孔子のもとに、「評判の悪い村(互郷)」から、ある童子(子ども)が教えを乞いに訪れた。
その村は「話すに値しない」とまで言われていた場所であり、門人たちはその子を受け入れてよいか迷った。
しかし孔子は言った――
「人が前に進もうとしているならば、それを受け入れ、助けるべきだ。
過去や出身、評判にこだわり、成長の芽を摘んではならない。
人は自分を改め、向上しようとしている。その意志に敬意を払い、共に歩むのが私たちのするべきことだ」と。
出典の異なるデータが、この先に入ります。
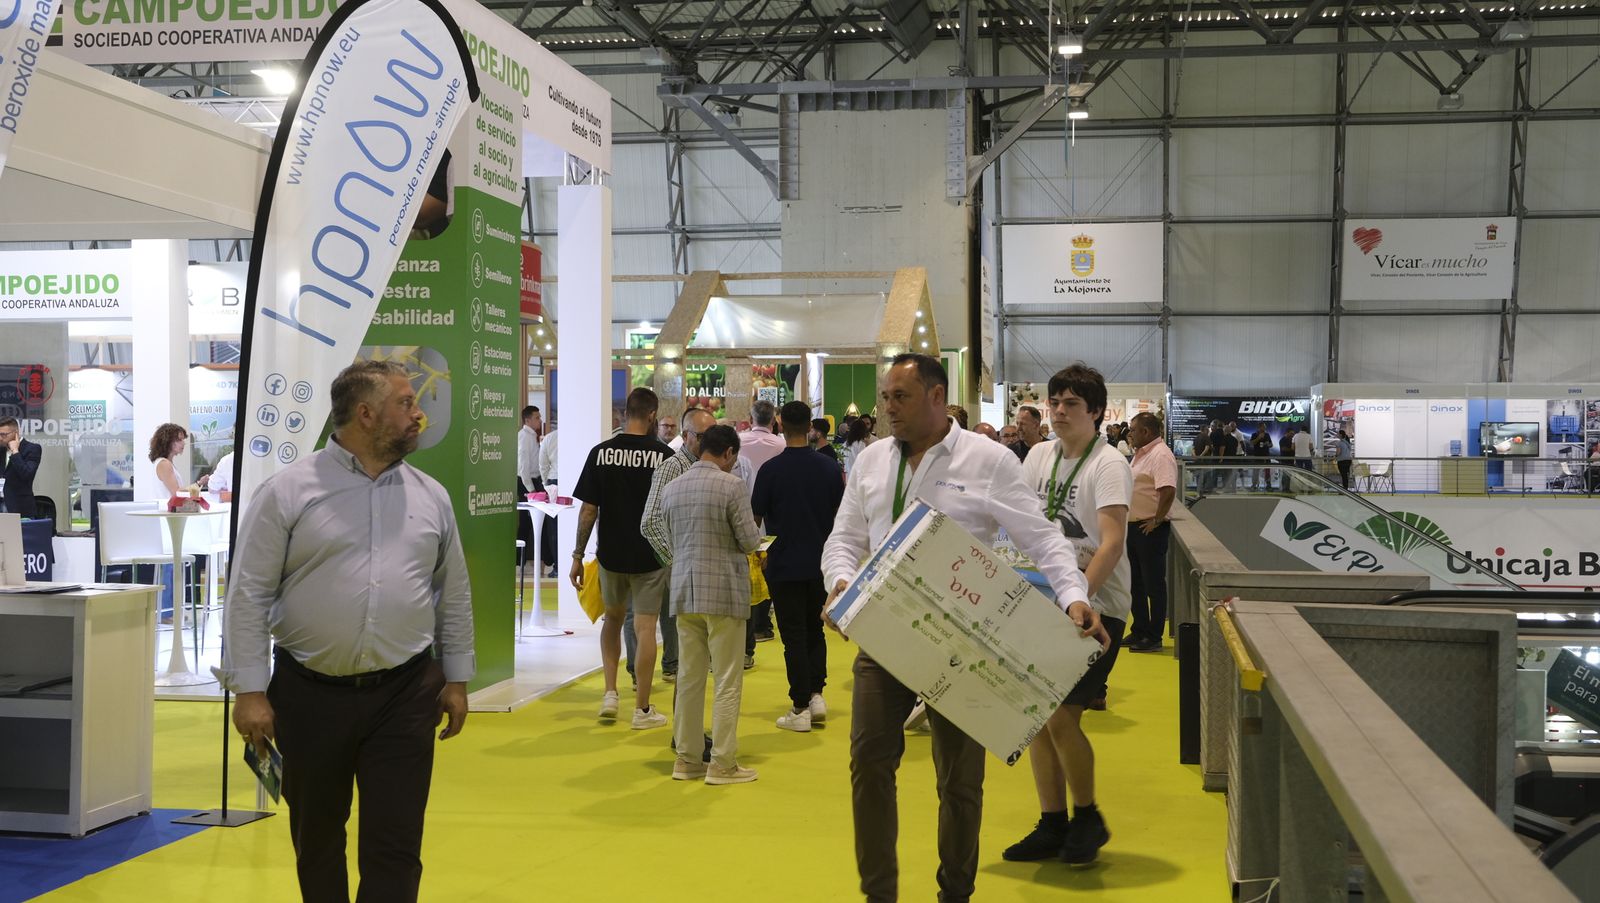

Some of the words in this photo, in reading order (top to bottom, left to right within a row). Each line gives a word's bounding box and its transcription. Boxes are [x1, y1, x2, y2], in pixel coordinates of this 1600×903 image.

[74, 31, 153, 48] SOCIEDAD
[158, 27, 267, 46] COOPERATIVA
[0, 38, 40, 134] peroxide
[286, 26, 362, 186] www.hpnow.eu
[480, 91, 514, 124] Vocación
[548, 84, 580, 117] Cultivando
[579, 106, 586, 120] el
[585, 108, 602, 129] futuro
[476, 114, 486, 132] de
[487, 122, 517, 148] servicio
[571, 119, 588, 140] desde
[388, 176, 419, 246] peroxide
[415, 129, 438, 176] made
[435, 77, 461, 129] simple
[479, 140, 486, 157] al
[488, 146, 508, 166] socio
[508, 156, 514, 172] y
[473, 161, 481, 178] al
[482, 167, 518, 193] agricultor
[485, 223, 516, 244] Suministros
[1374, 254, 1423, 269] Vícar
[1431, 253, 1488, 269] mucho
[484, 267, 513, 286] Semilleros
[1054, 286, 1066, 294] La
[1067, 285, 1112, 295] Mojonera
[1, 299, 67, 310] COOPERATIVA
[69, 298, 120, 308] ANDALUZA
[484, 302, 506, 318] Talleres
[484, 321, 513, 336] mecánicos
[484, 345, 513, 361] Estaciones
[484, 364, 491, 374] de
[491, 365, 512, 377] servicio
[483, 388, 502, 402] Riegos
[501, 392, 506, 405] y
[698, 387, 712, 397] AL
[483, 406, 514, 418] electricidad
[1238, 400, 1306, 414] BIHOX
[483, 432, 501, 446] Equipo
[482, 449, 503, 460] técnico
[476, 491, 514, 507] CAMPOEJIDO
[1313, 534, 1350, 562] El
[951, 555, 966, 571] 2
[1446, 546, 1572, 583] Unicaja
[1573, 664, 1586, 681] El
[1563, 679, 1599, 705] para
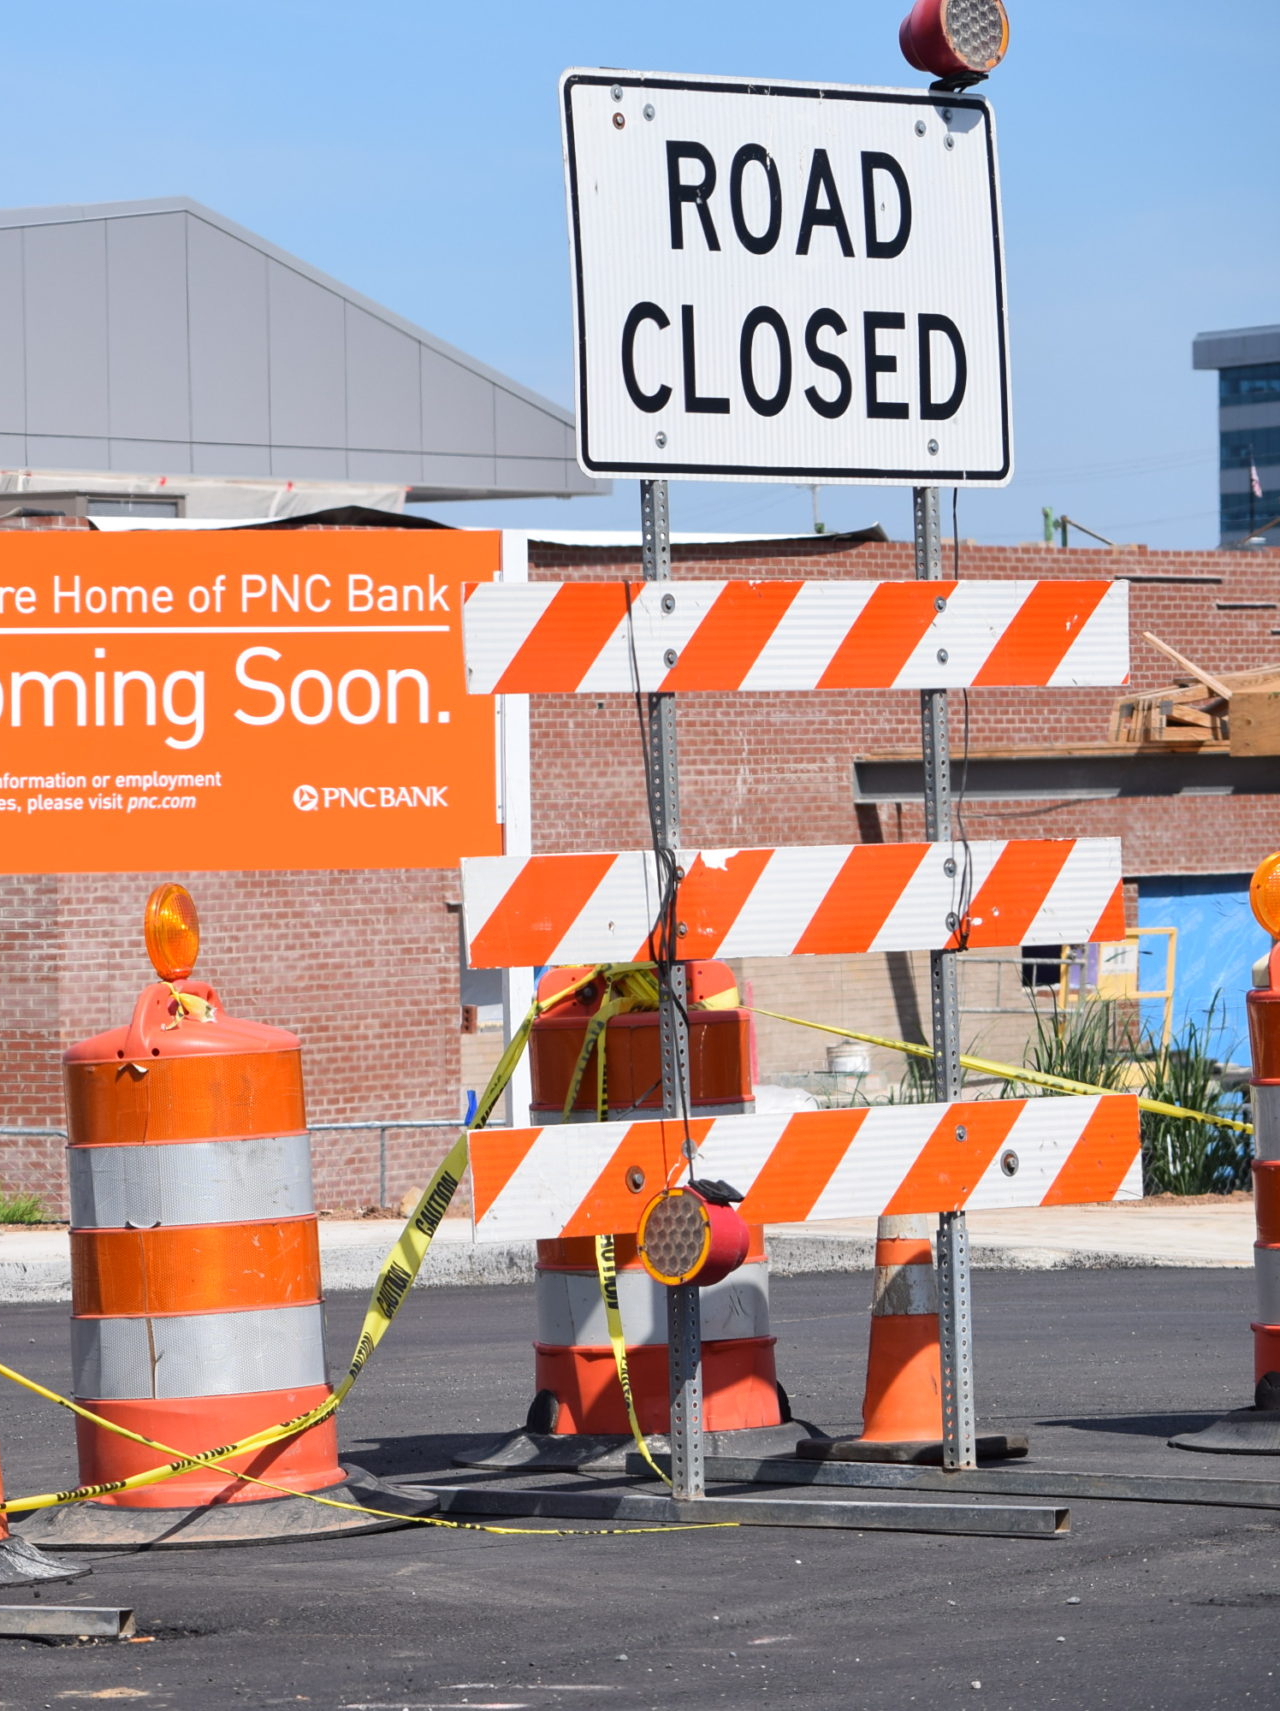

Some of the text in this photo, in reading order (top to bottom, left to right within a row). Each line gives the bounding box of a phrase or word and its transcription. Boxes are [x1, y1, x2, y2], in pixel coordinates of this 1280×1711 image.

[666, 140, 912, 259] ROAD
[622, 301, 967, 421] CLOSED
[53, 575, 174, 614] Home
[189, 574, 227, 613] of
[241, 574, 332, 613] PNC
[348, 573, 451, 612] Bank
[234, 645, 451, 727] Soon.
[27, 794, 84, 815] please
[88, 793, 124, 810] visit
[127, 795, 197, 814] pnc.com
[92, 775, 111, 789] or
[115, 771, 223, 792] employment
[321, 786, 449, 808] PNC BANK
[415, 1170, 458, 1239] CAUTION
[375, 1261, 412, 1320] CAUTION
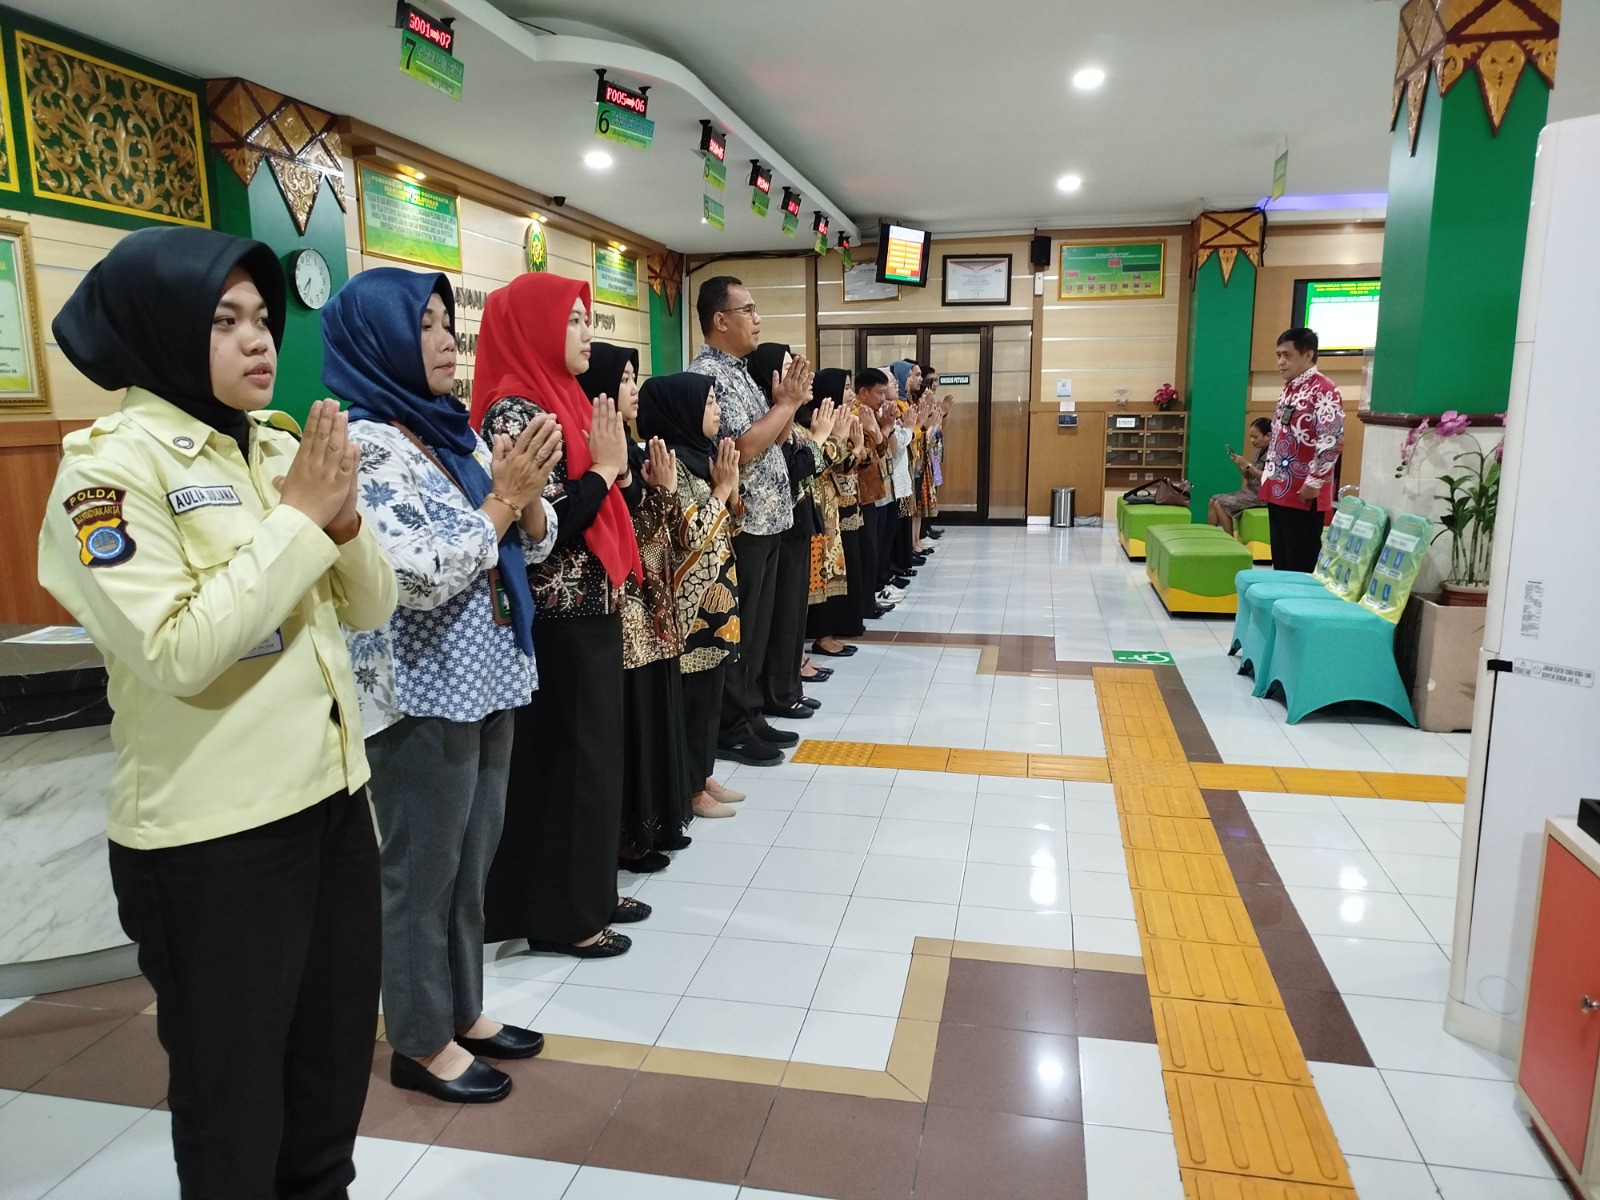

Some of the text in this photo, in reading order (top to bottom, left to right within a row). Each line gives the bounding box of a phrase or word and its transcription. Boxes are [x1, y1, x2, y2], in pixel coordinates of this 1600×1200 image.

[405, 37, 416, 70] 7
[606, 87, 645, 112] F005 06
[599, 110, 610, 134] 6
[69, 489, 117, 507] POLDA
[175, 490, 207, 509] AULIA
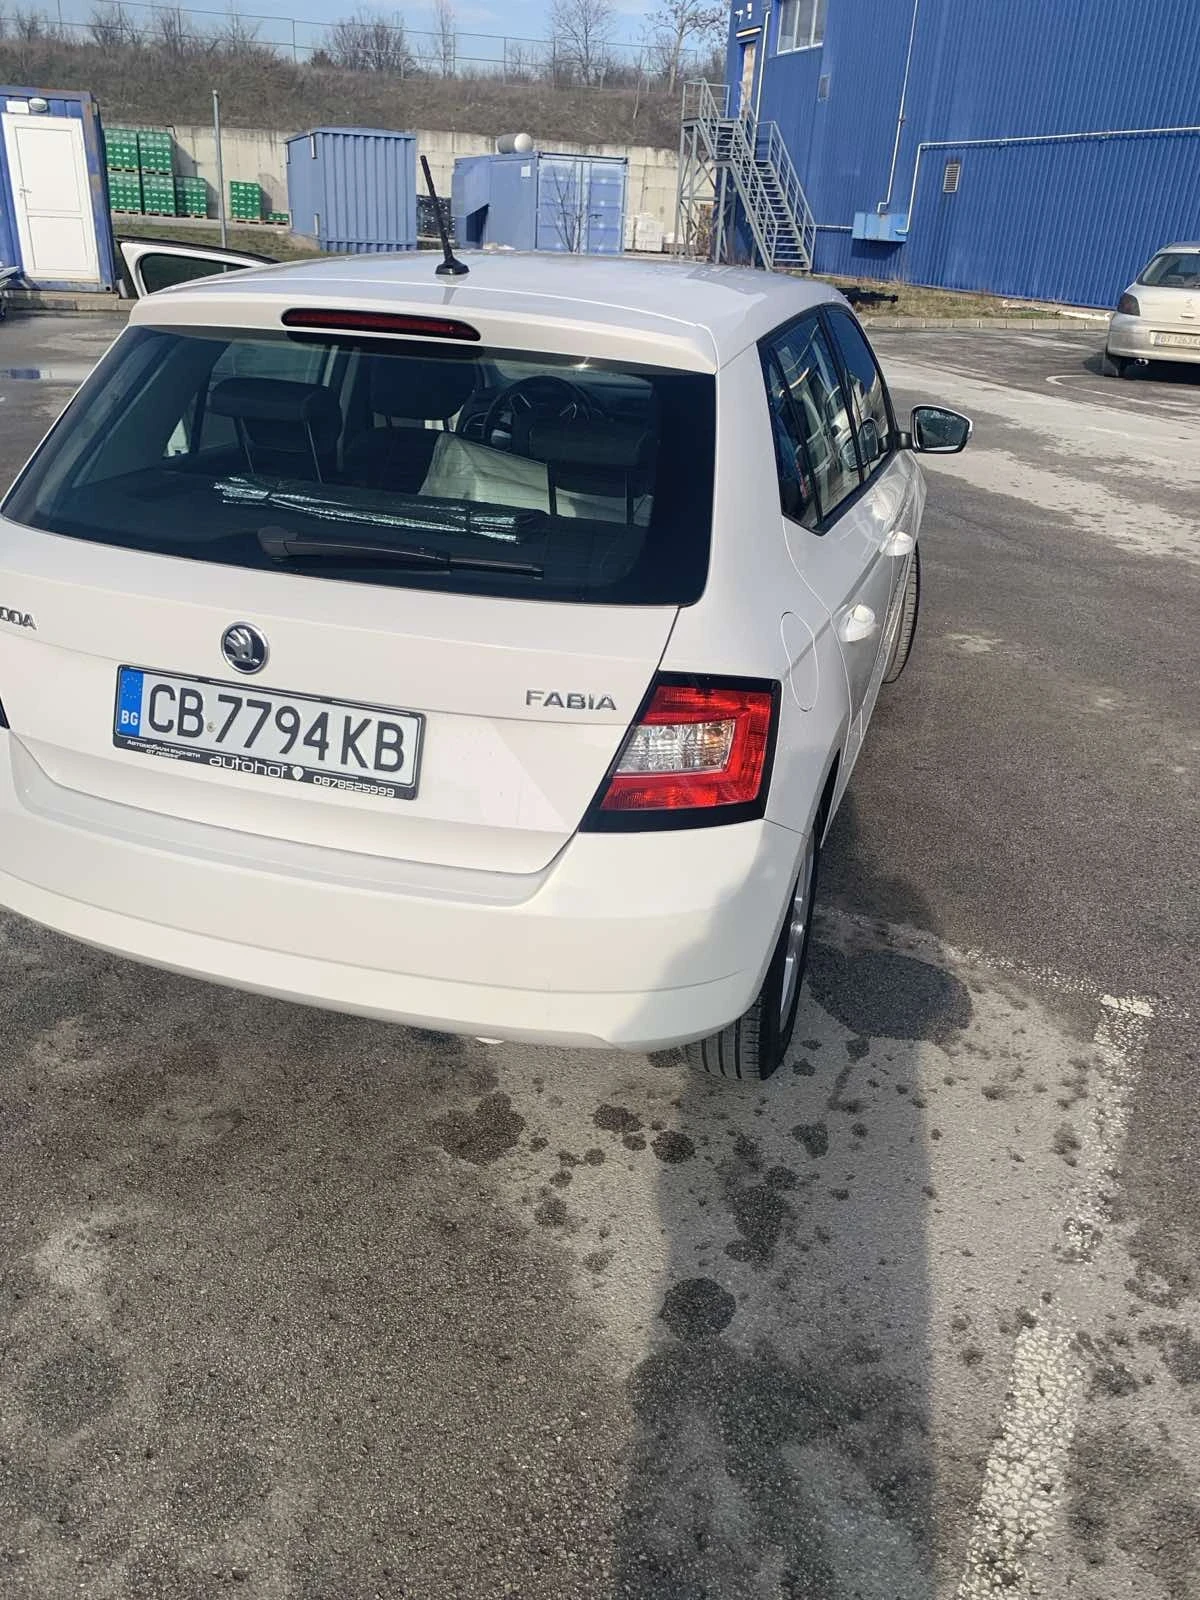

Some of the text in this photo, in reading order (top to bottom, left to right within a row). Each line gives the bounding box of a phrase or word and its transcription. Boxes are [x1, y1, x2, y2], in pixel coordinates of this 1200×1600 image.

この教えは、人を“変われる存在”として信じる孔子の深い教育哲学に根ざしている。
原文・ふりがな付き引用
互郷(ごきょう)は与(とも)に言(い)い難(がた)し。童子(どうじ)、見(まみ)えんとす。門人(もんじん)惑(まど)う。
子(し)曰(い)わく、其(そ)の進(すす)むに与(く)し、其の退(しりぞ)くに与せざるなり。唯(た)だ何(なん)ぞ甚(はなは)だしきや。
人(ひと)、己(おのれ)を潔(いさぎよ)くして以(もっ)て進(すす)まば、其の潔(いさぎよ)きに与(く)せん。其の往(すぎ)しを保(たも)せざるなり。
注釈
- 互郷(ごきょう) … 評判の悪い村、俗に「話すに値しない」とされた地域。
- 童子見えんとす … その村の少年が孔子に教えを乞うために来た。
- 進むに与し、退くに与せず … 向上の意志を持っている者を支え、後ろ向きな態度には与しないという姿勢。
- 己を潔くして以て進まば … 自分を省みて誠実に生きようとする者は、それを認めて受け入れる。
- 往を保せざるなり … 過去にこだわって人を判断しないという意味。